RE: RDFa and its relationship to XHTML

Hi Benjamin,

I wrote:
> >Near the bottom of the page you'll see this:
> >
> >  <a
> >   rel="Copyright"
> >   href="/Consortium/Legal/ipr-notice#Copyright"
> >   shape="rect"
> >  >Copyright</a>
> >
> >which is perfectly 'correct' RDFa.

And you replied:

> Unless this was meant as a joke (e.g. "the subset of RDFa 
> that doesn't encode triples")...

No, not a joke!

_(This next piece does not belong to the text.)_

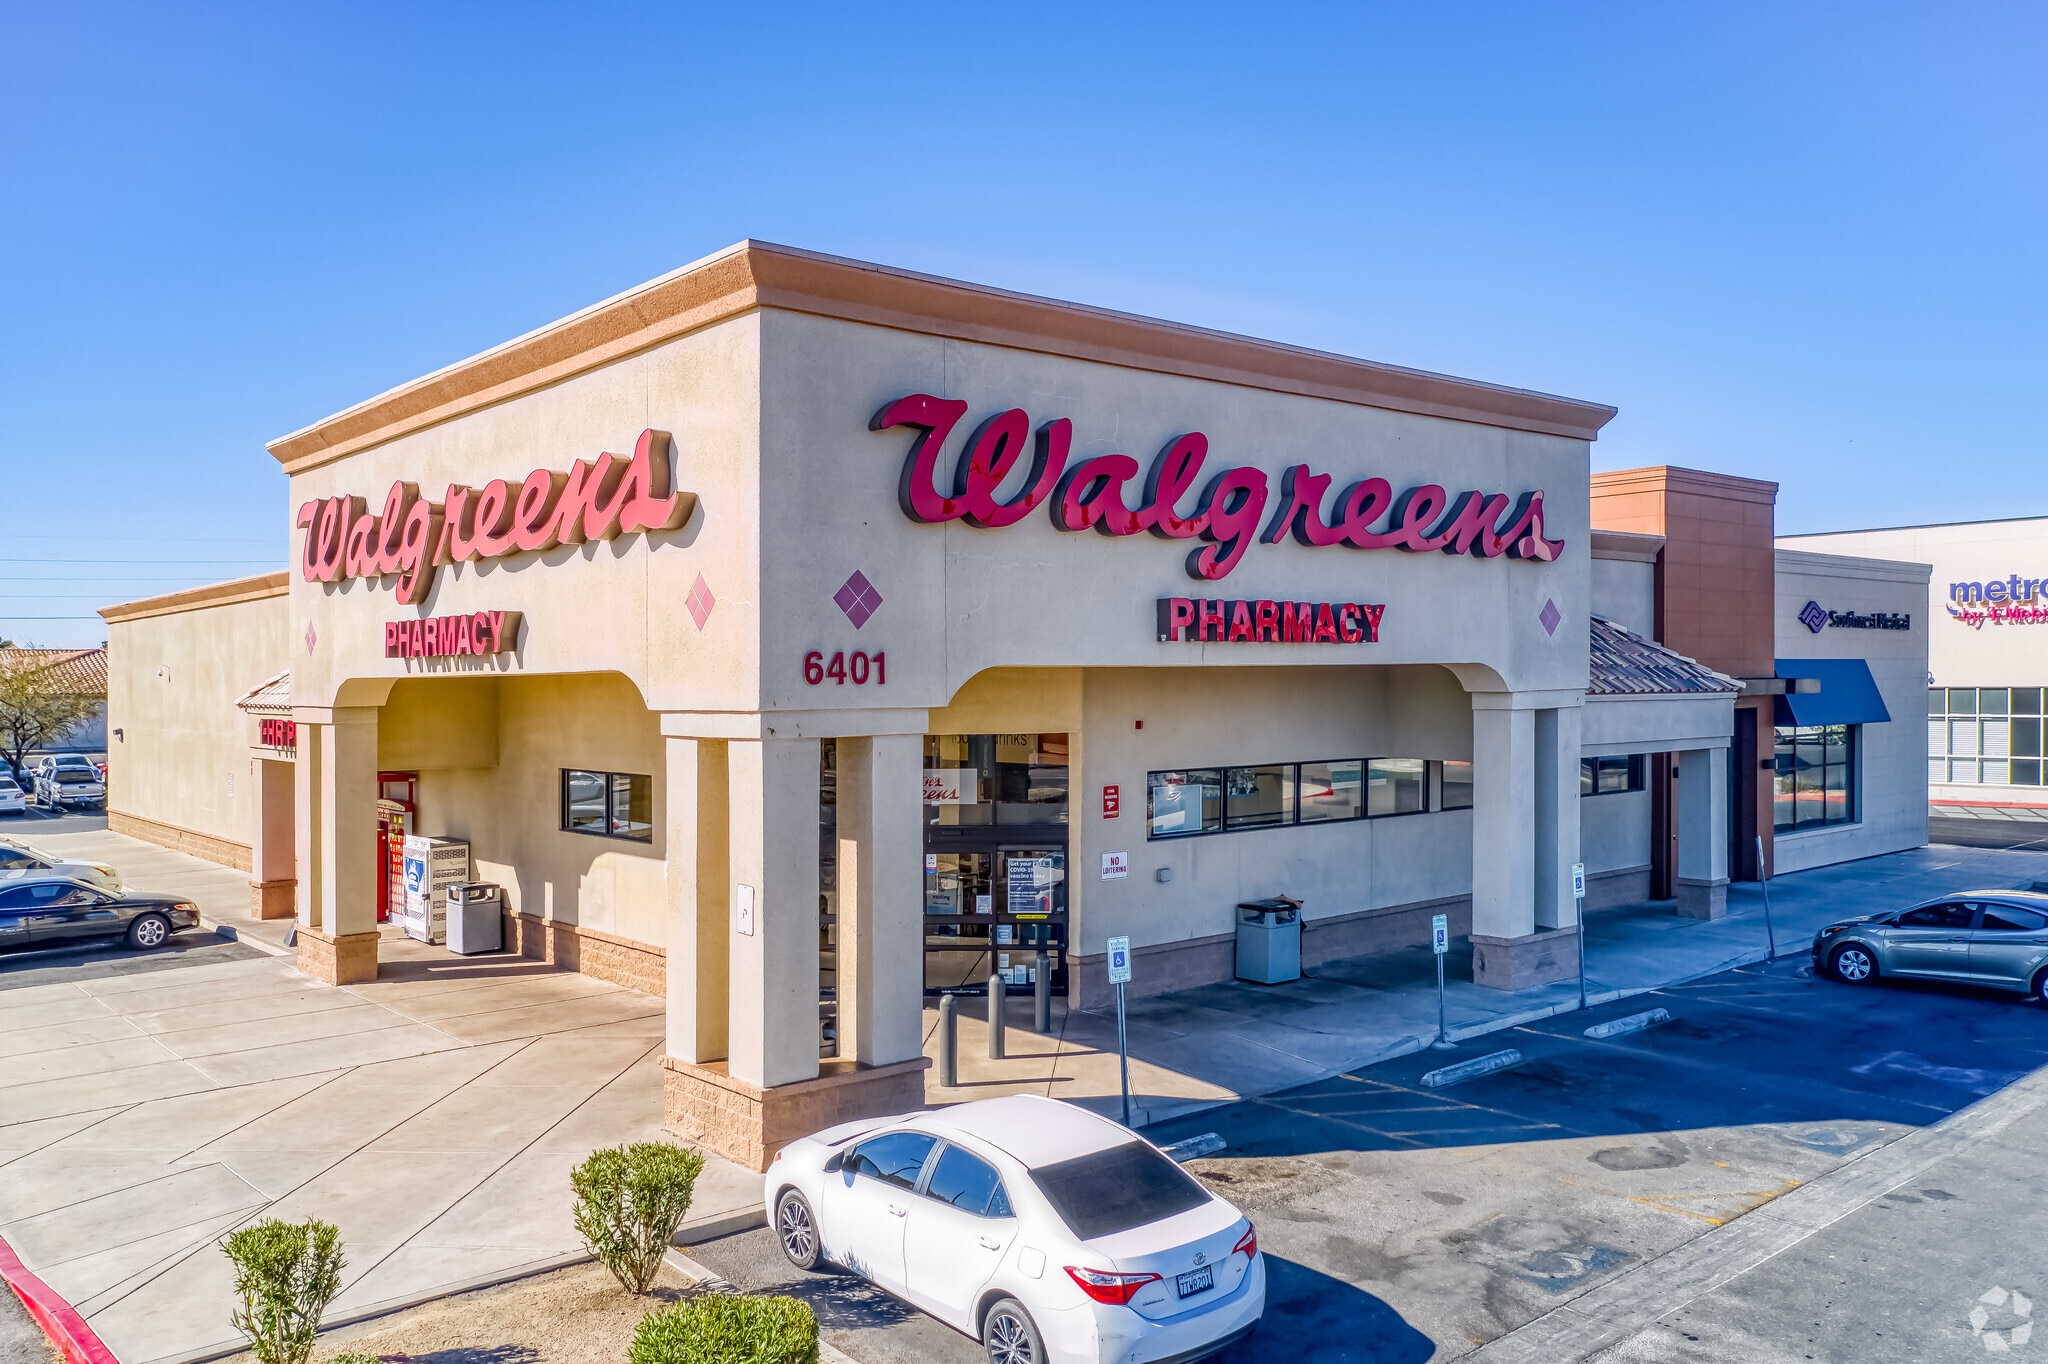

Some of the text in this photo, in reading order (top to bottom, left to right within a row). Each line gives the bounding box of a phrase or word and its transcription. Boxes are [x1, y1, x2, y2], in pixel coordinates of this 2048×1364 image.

The point is that whether you like RDFa or not, to the 'RDF
mind' HTML 4.01 already "encodes triples", i.e., it already has pretty good
semantics; I find it difficult to interpret the description of the @rel and
@rev attributes in the spec as anything other than that they should provide
a predicate for a triple that has the current document as its subject, and
the value in the @href attribute as the object.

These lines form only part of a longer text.